本実施例の電子装置10によれば、はんだボール13の付近のインピーダンスを従来よりも広い範囲で調整できるので、信号伝送の遅延時間を所定の時間に設定でき、良好な遅延特性を得ることが出来る。
なお、磁性体材料15は、上記の材料に限定されず、所定の透磁率を有する材料を用いることによって、同様の効果を得ることが出来る。また、磁性体材料15は、必ずしも配線基板11,12の間に充填する必要はなく、例えばはんだボール13の近傍の一方の配線基板11,12上に塗布してもよい。この場合、量産に際して磁性体材料15の形成プロセスを簡素化し、製造コストを低減できる。
磁性体材料15には、外部磁界により透磁率が変化する材料を用いてもよい。この場合、電子装置10を実装した後に、磁性体材料15に対して外部磁界をその強度を調節して印加する。これによって、磁性体材料15の透磁率を所望の値に変化させることが出来る。そのような材料として、ハードフェライト系材料であって、比較的小さな外部磁界で透磁率が変化する材料を好適に利用できる。
図2は、本発明の第2実施例に係る電子装置の断面図である。電子装置16では、はんだボール13の近傍に、インダクタ素子17が信号層23,33と直列に接続されている。電子装置16は、この点を除いては、図1の電子装置10と同様の構造を有している。インダクタ素子17は、例えば0.1nHのインダクタンスを有する。
本実施例の電子装置16では、インダクタ素子17を有することによって、図1の電子装置10に比して、インピーダンス虚部のパラメータ数を増やすことができる。従って、インピーダンス設計の自由度を更に高め、より広い周波数帯域に渡ってインピーダンスを調整できる。
なお、インダクタ素子17には、電子装置16を実装した後にインダクタンスの調整が可能な可変素子を用いてもよい。そのようなインダクタ素子17として、MEMS(Micro Electro Mechanical Systems)技術を用いた圧電材料や、強相関材料がある。圧電材料からなるインダクタ素子17を用いる場合には、電圧の印加によってインダクタンスを機械的に調節できる。強相関材料からなるインダクタ素子17を用いる場合には、磁界又は電界の印加によって、透磁率を調節できる。

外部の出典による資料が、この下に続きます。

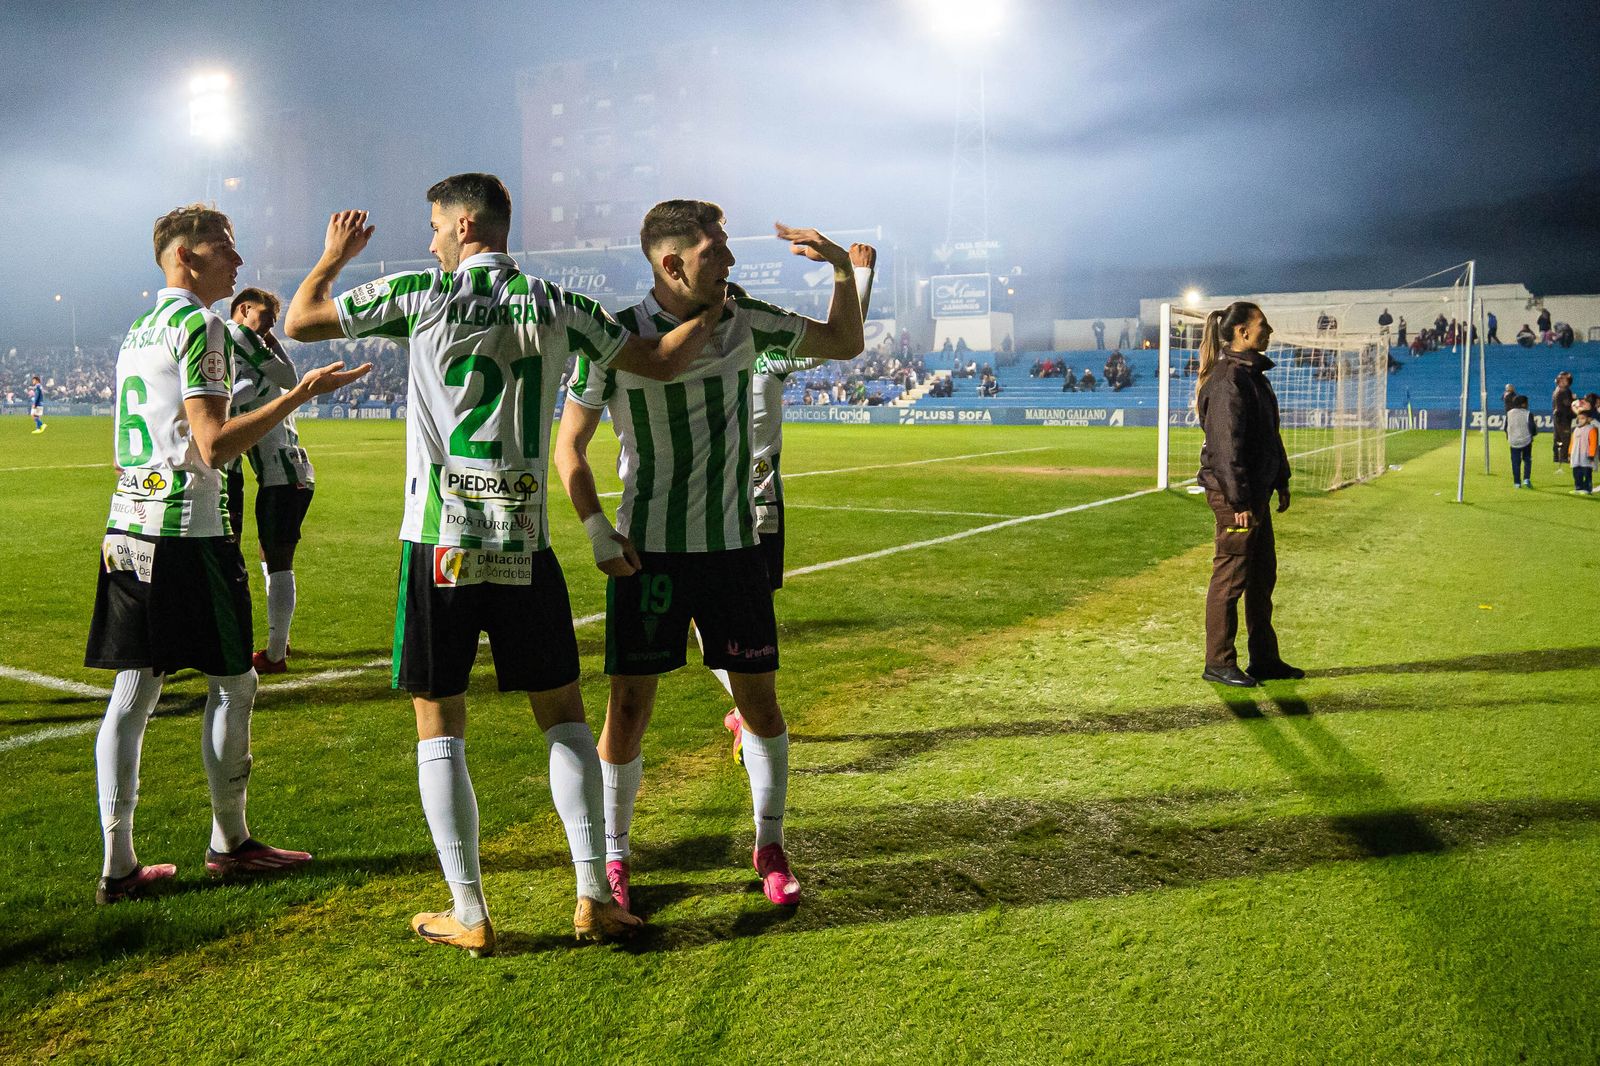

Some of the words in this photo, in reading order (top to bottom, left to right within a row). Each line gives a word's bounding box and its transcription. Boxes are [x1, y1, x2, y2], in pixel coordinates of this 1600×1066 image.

また、上記第1、第2実施例において、配線基板11をICチップやICパッケージに置き換えてもよい。この場合、配線基板12がインターポーザ基板であってもよい。これらの場合にも、第1、第2実施例と同様に、はんだボール13の付近とそれ以外の部分との間でインピーダンスを効果的に整合させ、伝送損失を効果的に抑制できる。
図3は、第1実施例、第2実施例、及び、従来の電子装置について測定した伝送損失と周波数との関係を示すグラフである。従来の電子装置は、第1実施例の電子装置10において、磁性体材料15が形成されていない電子装置である。同図より、従来の電子装置では特定の周波数の付近で大きな伝送損失が生じているのに対して、第1実施例の電子装置10及び第2実施例の電子装置16ではそのような伝送損失が殆ど生じていない。
また、インダクタ素子17を接続した第2実施例の電子装置16では、第1実施例の電子装置10に比して、約1GHz以上の高周波数帯で、伝送損失をより効果的に抑制できている。このように、測定によって、第1実施例及び第2実施例の電子装置では、従来の電子装置に比して、伝送損失を効果的に抑制できることが判った。なお、同図において、伝送損失は、インピーダンスの不整合に起因した損失だけでなく、電気抵抗による損失や、インピーダンスの不整合により生じた共振による放射損失等も含まれる。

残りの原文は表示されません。